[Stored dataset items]
------------

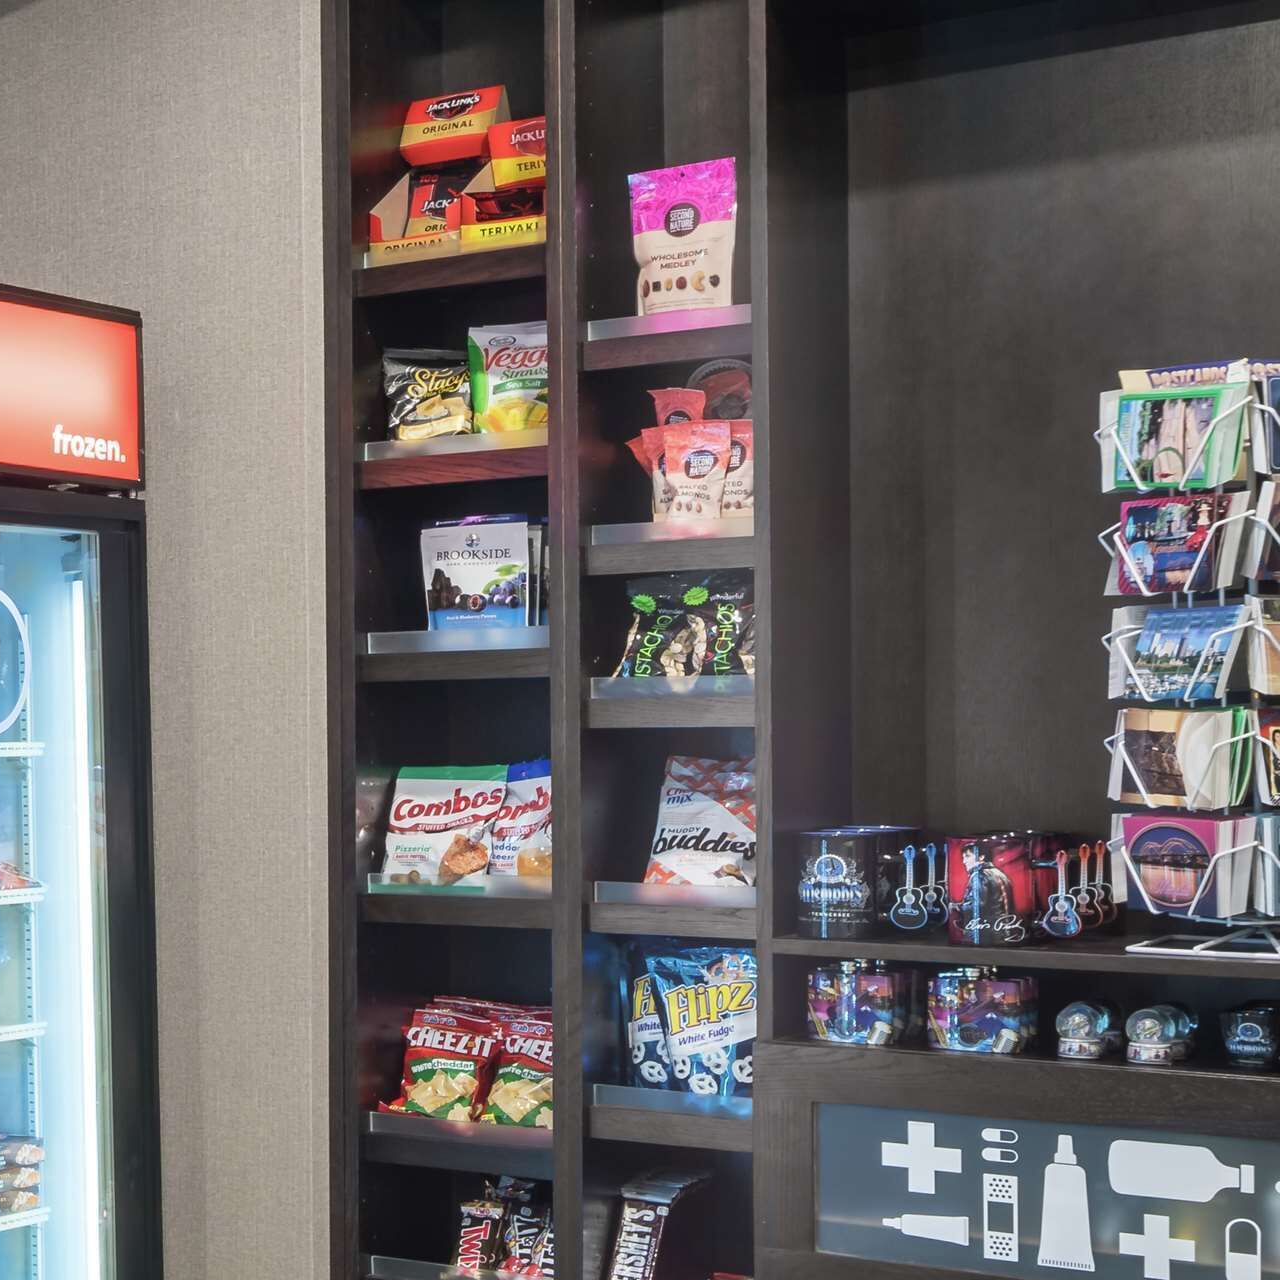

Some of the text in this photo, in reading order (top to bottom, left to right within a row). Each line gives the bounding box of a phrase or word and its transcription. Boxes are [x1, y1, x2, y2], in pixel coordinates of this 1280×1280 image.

[423, 119, 475, 135] ORIGINAL
[510, 131, 536, 144] JACK
[480, 223, 539, 237] TERIYAKI
[650, 248, 709, 262] WHOLESOME
[660, 259, 697, 270] MEDLEY
[52, 424, 126, 463] frozen.
[436, 548, 512, 561] BROOKSIDE
[393, 787, 506, 821] Combos
[666, 793, 694, 805] mix
[395, 844, 432, 853] Pizzeria
[653, 827, 757, 861] buddies
[665, 980, 755, 1034] Flipz
[678, 1025, 735, 1046] White Fudge
[433, 1060, 475, 1070] cheddar

------------

▶ [Directions]: We ask that the entries above be copied exactly, with the pictures omitted.

▶ [Exercise output]:
Some of the text in this photo, in reading order (top to bottom, left to right within a row). Each line gives the bounding box of a phrase or word and its transcription. Boxes are [x1, y1, x2, y2], in pixel coordinates of this 1280×1280 image.

[423, 119, 475, 135] ORIGINAL
[510, 131, 536, 144] JACK
[480, 223, 539, 237] TERIYAKI
[650, 248, 709, 262] WHOLESOME
[660, 259, 697, 270] MEDLEY
[52, 424, 126, 463] frozen.
[436, 548, 512, 561] BROOKSIDE
[393, 787, 506, 821] Combos
[666, 793, 694, 805] mix
[395, 844, 432, 853] Pizzeria
[653, 827, 757, 861] buddies
[665, 980, 755, 1034] Flipz
[678, 1025, 735, 1046] White Fudge
[433, 1060, 475, 1070] cheddar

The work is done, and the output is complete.